Beyond survival, the durability of tricuspid valve repair is reassuring and has been reported to improve in the modern surgical era. In a cohort of 27 patients operated between 1994 and 2002, 63 % of patients were reported to have no, trivial or mild TR at a median follow-up of 20 months [5]. The corresponding figure in a recent study designed to compare the two shunt types utilised at Stage I operation was 78 % at 14 months for all 549 patients of the cohort (regardless of shunt type) operated between 2005 and 2008 [4]. Similarly, in a study with 57 patients from 1998 to 2008, at a median follow-up of 52 months, 84 % demonstrated less than moderate TR [24]. In the same study, 17 % or 10 patients had required re-intervention at a median of 21 months, 6 of them undergoing repeated repair and 4 tricuspid valve replacements. Survival (70 % at 3 years) did not differ in these patients whether they required reoperation or replacement [24]. In a further cohort of 219 HLHS patients from 1990 to 2007 where 25 % of survivors required tricuspid valve repair, 6 patients (reflecting 25 % of this subgroup of patients) required re-interventions (3 re-repairs, 3 replacements) within 5 years after primary repair [3].
10.6 Conclusion
Tricuspid valve insufficiency is a common finding requiring intervention in about a quarter of HLHS patients at some point of their surgical palliative pathway.
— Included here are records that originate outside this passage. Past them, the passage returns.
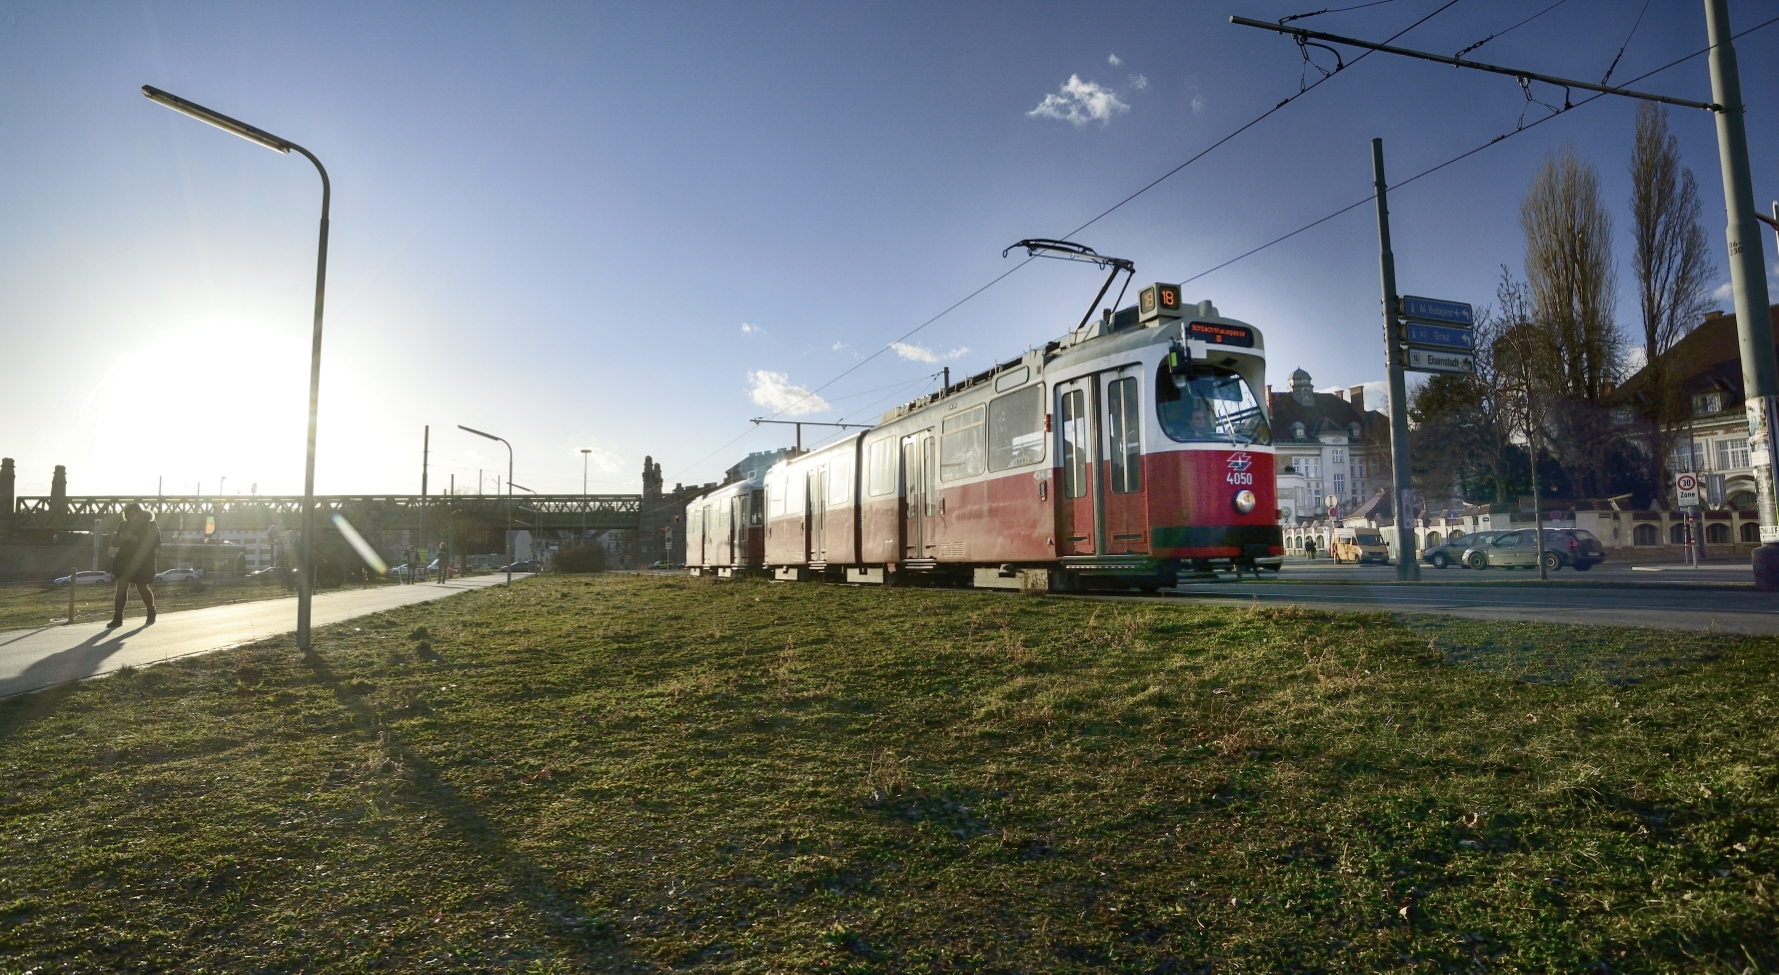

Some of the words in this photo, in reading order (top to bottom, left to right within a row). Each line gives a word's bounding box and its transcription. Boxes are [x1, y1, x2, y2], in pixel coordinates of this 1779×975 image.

[1145, 292, 1154, 308] 18
[1162, 290, 1174, 305] 18
[1428, 305, 1453, 317] Budapest
[1434, 331, 1450, 342] Graz
[1427, 354, 1459, 367] Eisenstadt
[1226, 472, 1253, 485] 4050
[1682, 479, 1691, 487] 30
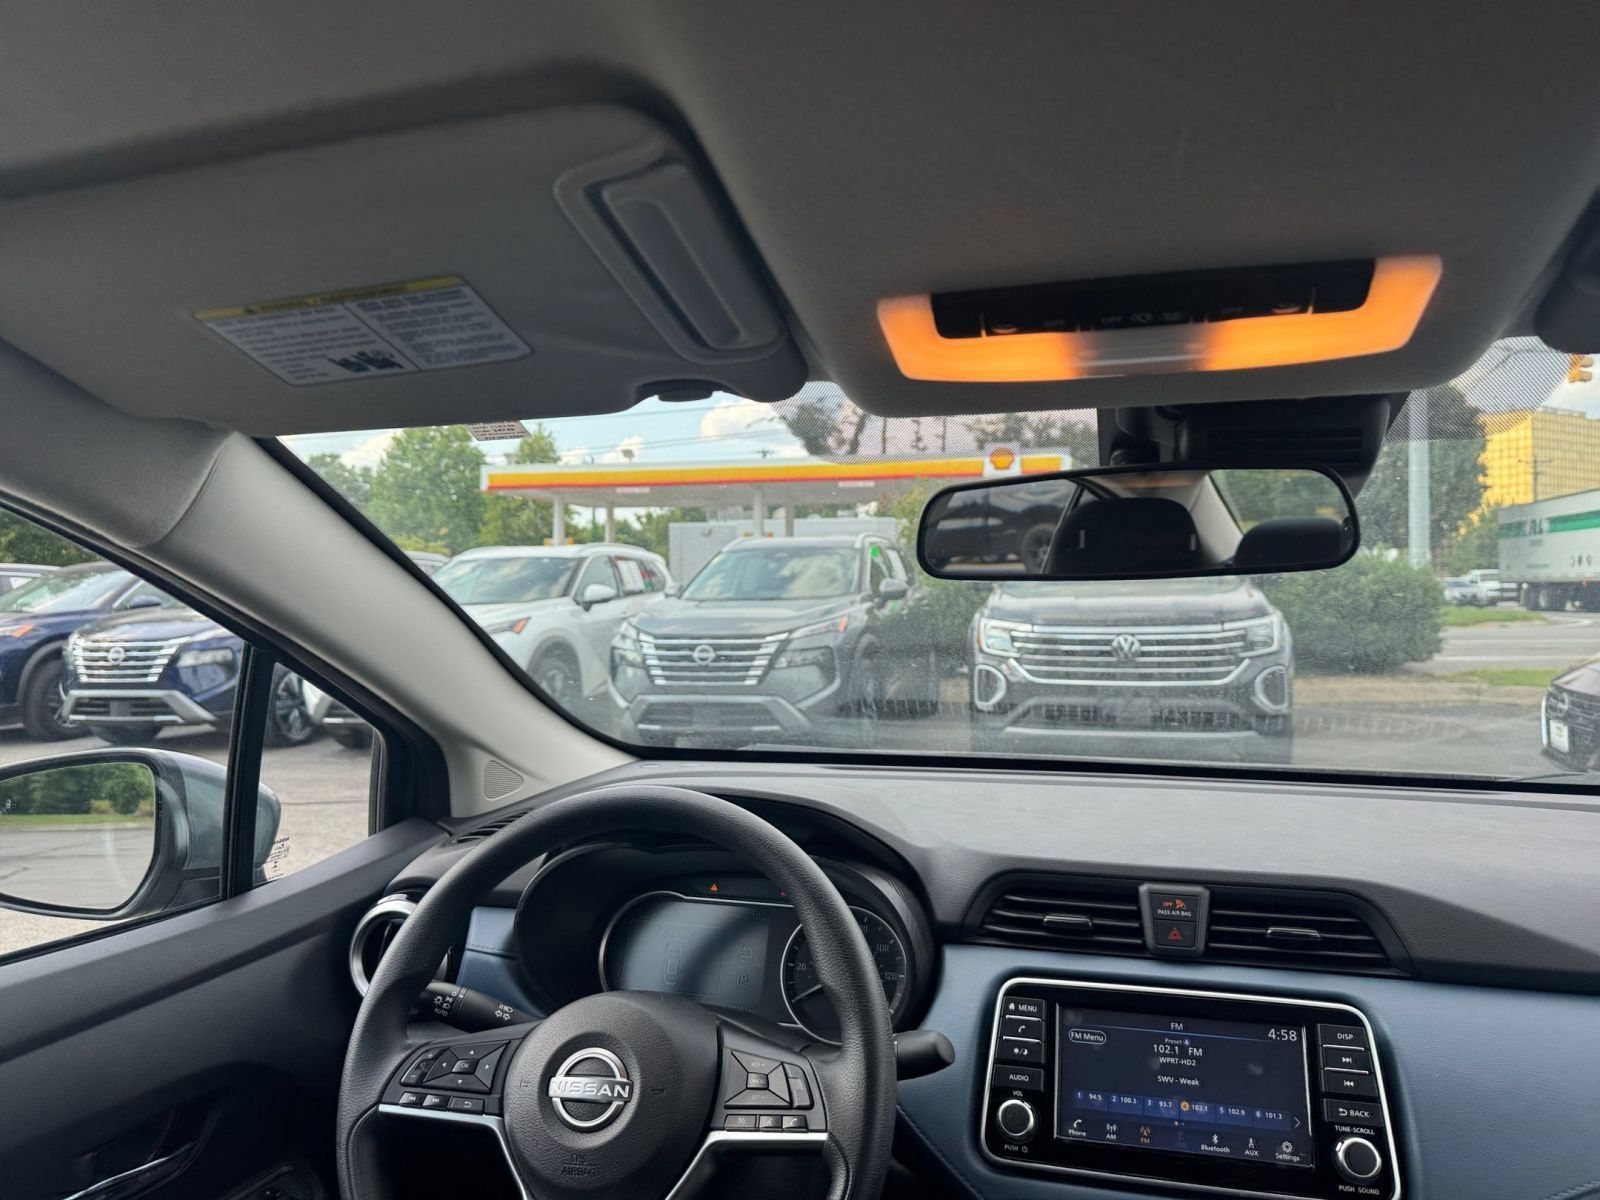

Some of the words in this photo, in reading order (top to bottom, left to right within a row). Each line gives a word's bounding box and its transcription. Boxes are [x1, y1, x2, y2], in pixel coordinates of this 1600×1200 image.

[433, 1007, 448, 1017] AUTO
[1018, 1004, 1037, 1012] MENU
[1170, 1022, 1184, 1031] FM
[1070, 1031, 1082, 1040] FM
[1083, 1032, 1104, 1042] Menu
[1268, 1028, 1298, 1042] 4:58
[1337, 1032, 1354, 1041] DISP
[1164, 1037, 1183, 1045] Preset
[1152, 1044, 1180, 1055] 102.1
[1188, 1047, 1203, 1057] FM
[1159, 1056, 1197, 1067] WPRT-HD2
[1009, 1073, 1029, 1082] AUDIO
[1157, 1075, 1175, 1084] SWV
[1180, 1077, 1200, 1086] Weak
[550, 1080, 630, 1098] NISSAN
[1120, 1096, 1137, 1104] 100.3
[1159, 1100, 1173, 1108] 93.7
[1191, 1104, 1208, 1112] 102.1
[1228, 1108, 1246, 1116] 102.9
[1265, 1112, 1283, 1120] 101.3
[1349, 1109, 1370, 1118] BACK
[1068, 1128, 1087, 1137] Phone
[1004, 1144, 1019, 1152] PUSH
[1200, 1143, 1230, 1153] Bluetooth
[1275, 1153, 1301, 1162] Settings
[1338, 1184, 1355, 1193] PUSH
[1358, 1186, 1380, 1195] SOUND
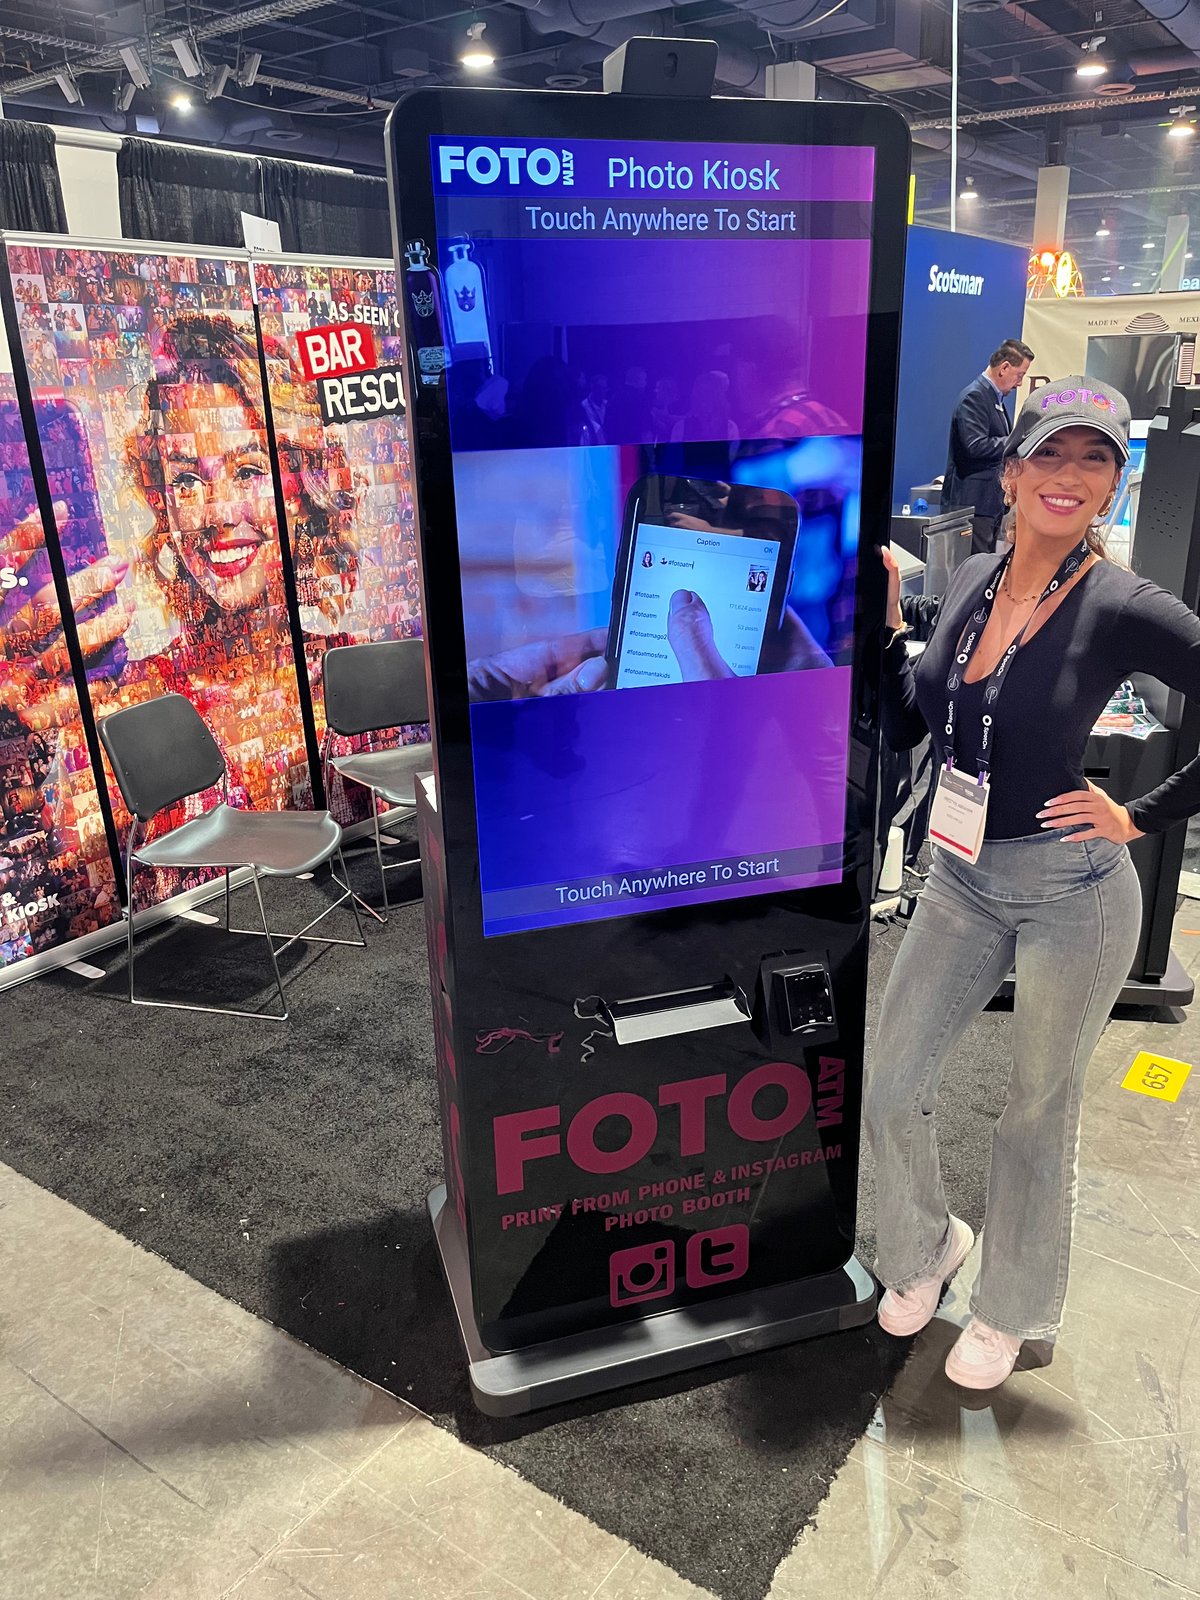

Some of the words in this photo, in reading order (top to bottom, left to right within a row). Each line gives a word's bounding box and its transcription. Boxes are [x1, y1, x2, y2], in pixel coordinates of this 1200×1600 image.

[439, 145, 560, 185] FOTO
[562, 149, 574, 186] ATM
[608, 157, 694, 189] Photo
[703, 160, 780, 190] Kiosk
[525, 206, 595, 230] Touch
[602, 207, 709, 236] Anywhere
[714, 208, 740, 231] To
[746, 208, 796, 231] Start
[928, 264, 984, 295] Scotsman
[329, 300, 349, 323] AS
[354, 304, 389, 326] SEEN
[305, 328, 366, 375] BAR
[1041, 387, 1110, 410] FOTO
[696, 537, 720, 547] Caption
[763, 546, 774, 554] OK
[634, 590, 660, 600] #fotoatm
[632, 610, 657, 619] #fotoatm
[963, 631, 976, 653] SpotOn
[556, 881, 613, 903] Touch
[618, 870, 707, 895] Anywhere
[710, 864, 733, 881] To
[737, 857, 779, 877] Start
[6, 893, 60, 924] KIOSK
[1141, 1063, 1172, 1090] 657
[493, 1062, 812, 1195] FOTO
[816, 1055, 846, 1129] ATM
[501, 1203, 562, 1230] PRINT
[571, 1188, 630, 1215] FROM
[638, 1172, 705, 1201] PHONE
[712, 1168, 727, 1184] &
[731, 1143, 842, 1182] INSTAGRAM
[604, 1203, 673, 1232] PHOTO
[682, 1186, 751, 1215] BOOTH
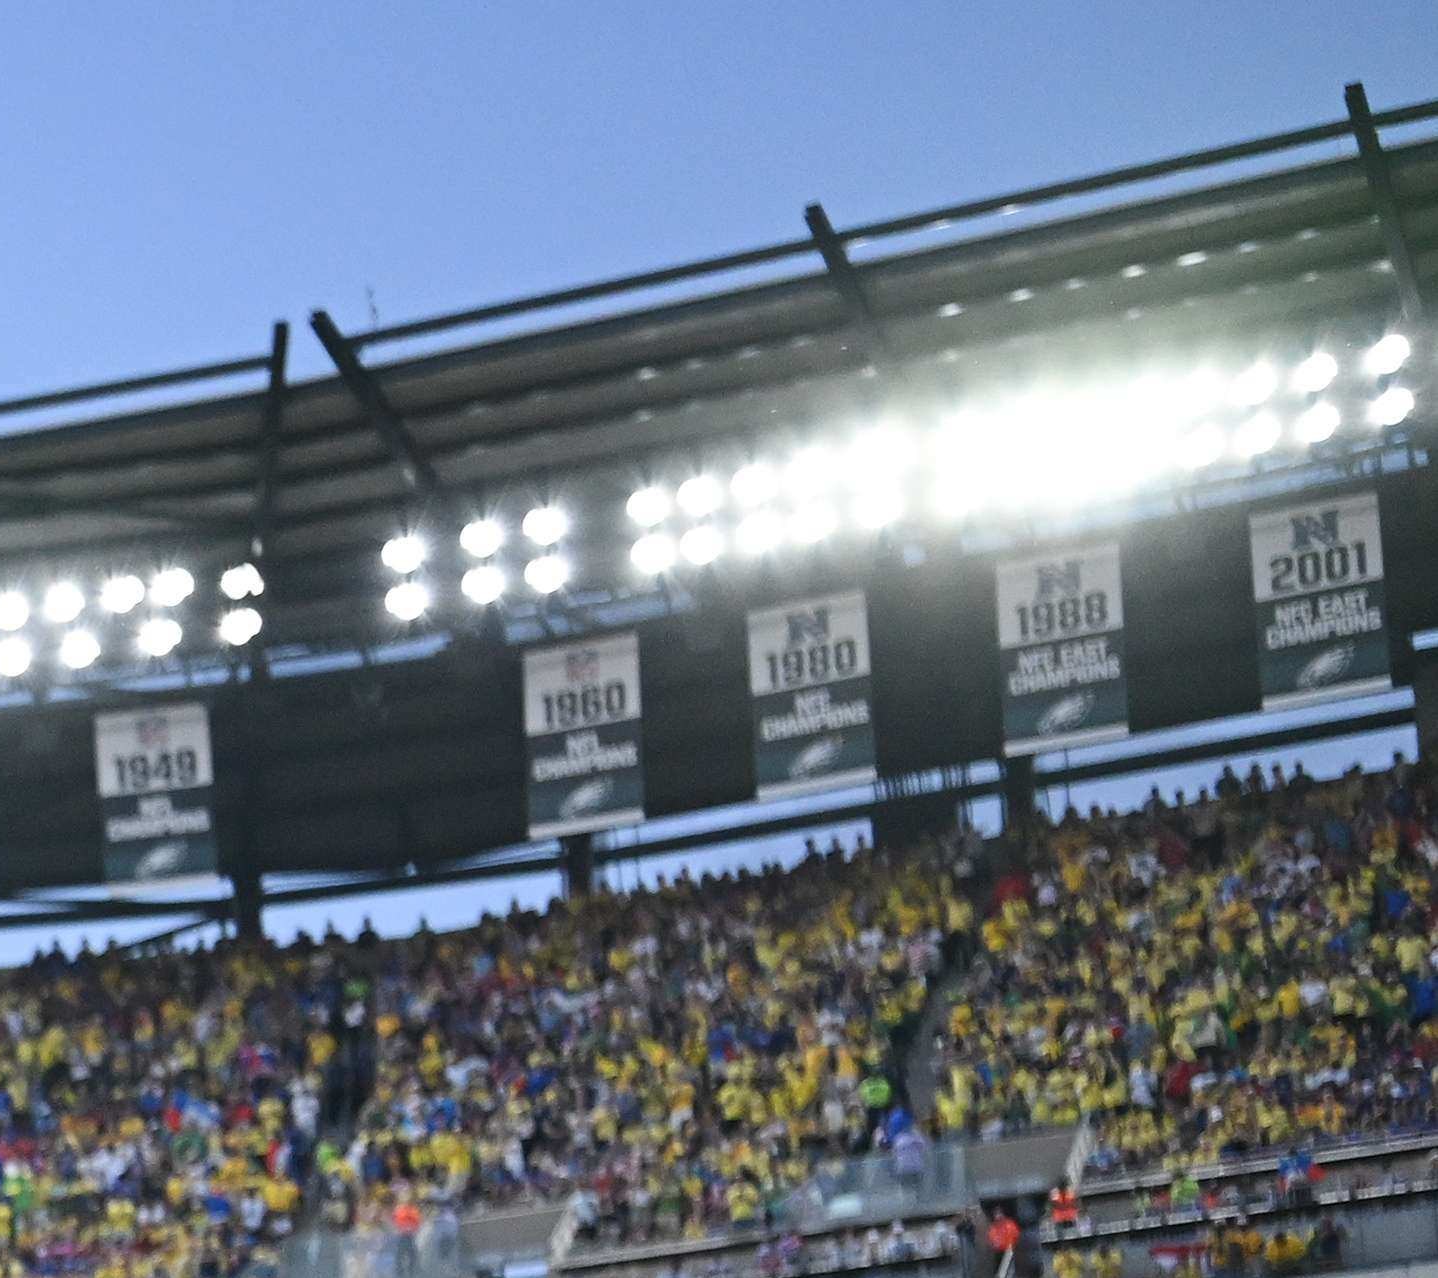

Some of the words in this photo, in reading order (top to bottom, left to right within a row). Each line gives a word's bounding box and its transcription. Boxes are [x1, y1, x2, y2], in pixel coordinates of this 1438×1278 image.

While often multifactorial in origin, it can derive, for example, from the systemic volume overload imposed on the valve that is designed for the low-resistance pulmonary circulation, worsening right ventricular function, annular dilatation and structural abnormalities. Imaging and assessing the tricuspid valve consists of echocardiography, angiography/cardiac catheter and magnetic resonance imaging. First and foremost it is important to determine that the repair of the aortic arch has been successful and that suboptimal arch reconstruction is not giving rise to tricuspid insufficiency.
Taking into consideration that some medium-term ‘normalisation’ of the enlarged right ventricle and tricuspid valve annulus would allow a better handling of the tricuspid valve dysfunction, the persistence of moderate-to-severe regurgitation necessitates valve repair. This can be undertaken concomitantly with a planned surgical stage or as a stand-alone procedure as appropriate. The decision to address the tricuspid valve should rely heavily on the assessment of right ventricular function, as in the presence of severe right ventricular function, the prognosis of these patients does not seem to improve despite successful valve repair. The timing is also related to the institutional experience and practice.
A variety of techniques for valve repair have been described and used with satisfactory short- and midterm outcomes. Currently, most patients with tricuspid valve insufficiency can achieve successful repair and their survival post-procedure is comparable to that of case-matched controls. However, long-term outcomes are yet to be conclusively documented.